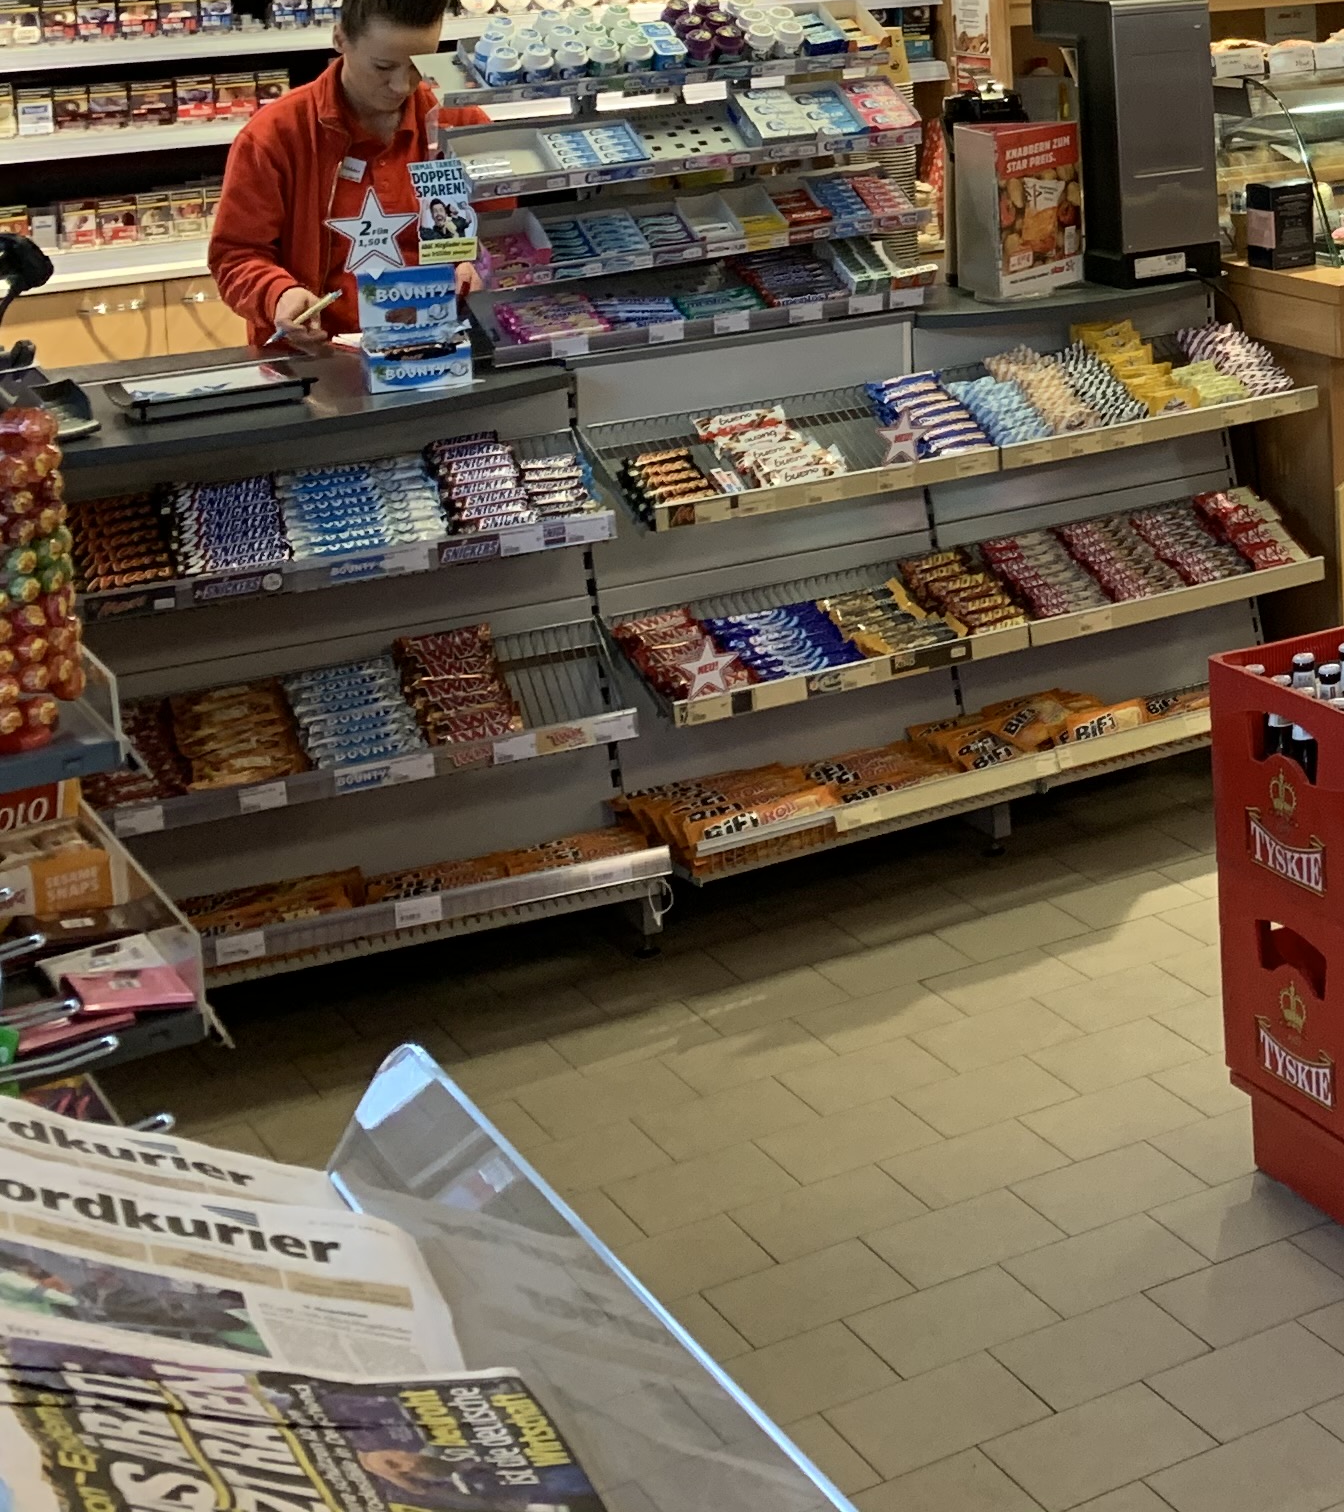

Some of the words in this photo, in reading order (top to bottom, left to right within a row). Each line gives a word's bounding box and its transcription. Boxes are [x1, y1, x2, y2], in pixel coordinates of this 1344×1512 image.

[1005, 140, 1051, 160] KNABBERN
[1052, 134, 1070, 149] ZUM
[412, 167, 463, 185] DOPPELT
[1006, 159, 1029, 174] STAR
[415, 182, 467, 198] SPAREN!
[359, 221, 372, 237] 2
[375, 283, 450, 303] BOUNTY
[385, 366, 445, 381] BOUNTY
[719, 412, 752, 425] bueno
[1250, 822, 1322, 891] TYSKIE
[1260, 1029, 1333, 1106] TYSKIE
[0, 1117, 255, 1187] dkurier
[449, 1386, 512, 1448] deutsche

----

What is needed
A verbatim copy of the records is needed, with all images omitted.

Exercise solution
Some of the words in this photo, in reading order (top to bottom, left to right within a row). Each line gives a word's bounding box and its transcription. Boxes are [x1, y1, x2, y2], in pixel coordinates of this 1344×1512 image.

[1005, 140, 1051, 160] KNABBERN
[1052, 134, 1070, 149] ZUM
[412, 167, 463, 185] DOPPELT
[1006, 159, 1029, 174] STAR
[415, 182, 467, 198] SPAREN!
[359, 221, 372, 237] 2
[375, 283, 450, 303] BOUNTY
[385, 366, 445, 381] BOUNTY
[719, 412, 752, 425] bueno
[1250, 822, 1322, 891] TYSKIE
[1260, 1029, 1333, 1106] TYSKIE
[0, 1117, 255, 1187] dkurier
[449, 1386, 512, 1448] deutsche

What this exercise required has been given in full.